Identification of receptors for fibrinogen and von Willebrand factor mediating aggregation in guinea pig platelets.

Monoclonal antibodies were prepared to guinea pig platelets and selected for their ability to inhibit ADP-induced platelet aggregation and ristocetin induced, Ca++-independent platelet agglutination. One antibody, PG-2, produced strong inhibition of aggregation induced by ADP, thrombin, collagen and arachidonic acid, while not inhibiting ristocetin-induced agglutination. A second antibody, PG-1, blocked ristocetin-induced agglutination, but did not inhibit aggregation induced by the previous agents.
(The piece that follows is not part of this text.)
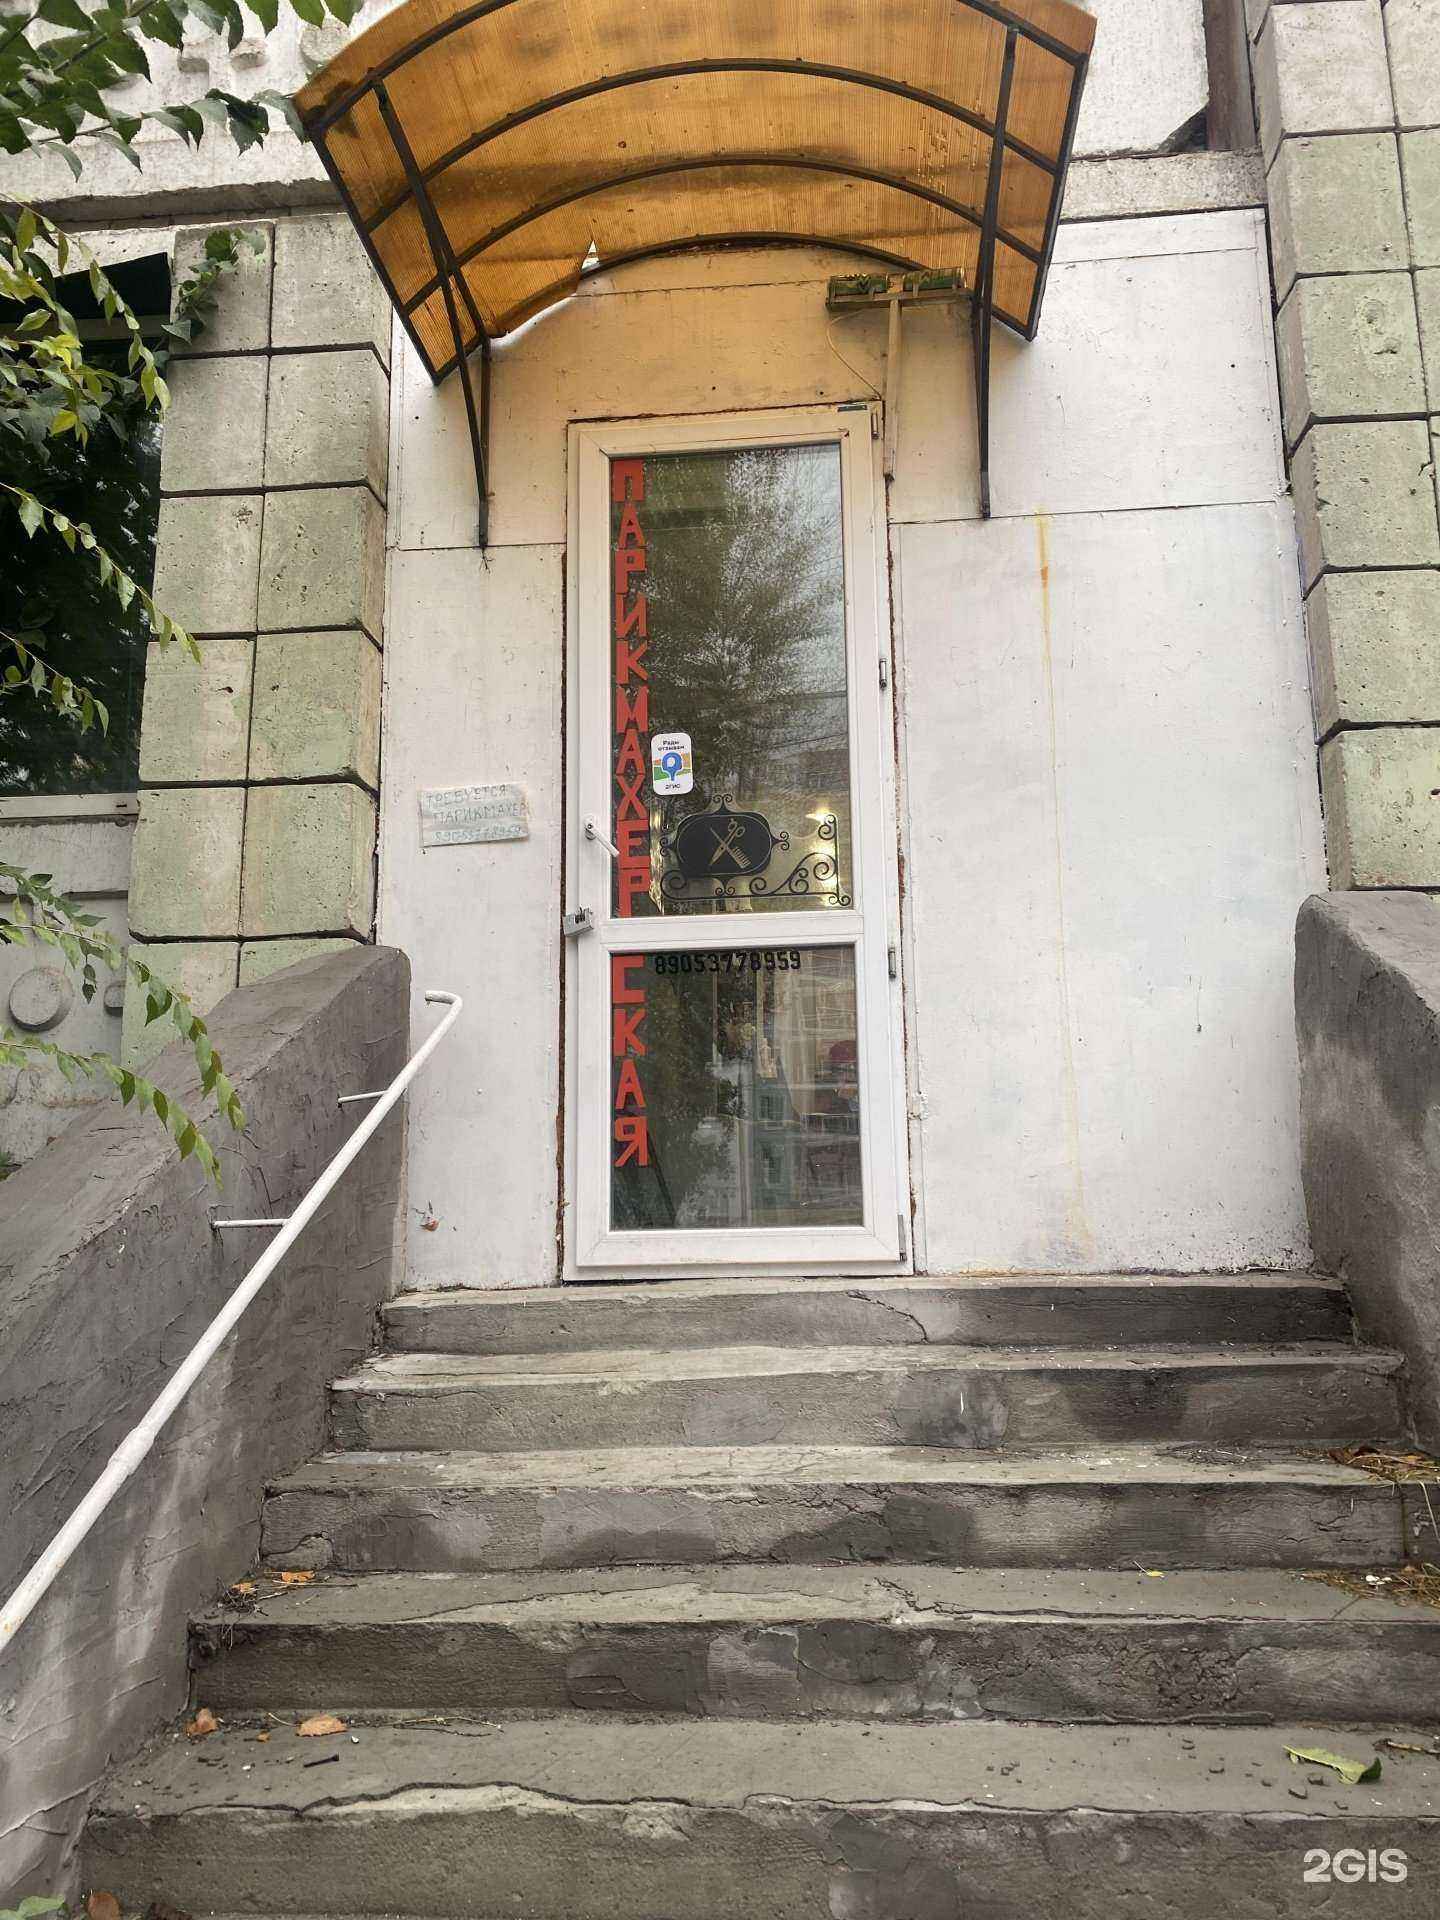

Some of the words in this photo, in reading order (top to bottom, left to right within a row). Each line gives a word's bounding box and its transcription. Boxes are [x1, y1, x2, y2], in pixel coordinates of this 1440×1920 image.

[425, 784, 507, 808] ТРЕБУЕТСЯ
[432, 801, 528, 825] ПАРИКМАХЕР
[655, 950, 801, 974] 89053778959
PG-2 blocked ADP-induced 125I-fibrinogen binding to washed guinea pig platelets by approximately 50%, but did not inhibit ristocetin-induced binding of 125I-vWF. Conversely, PG-1 selectively inhibited ristocetin-induced 125I-vWF binding, with the degree of inhibition inversely related to the ristocetin concentration. These studies suggest that in guinea pig platelets, fibrinogen and von Willebrand factor binding to different membrane sites are responsible for the aggregation response of stimulated platelets and the ristocetin-induced agglutination response respectively. These antibodies offer significant promise for the further development of a guinea pig animal model for studying platelet and megakaryocyte function.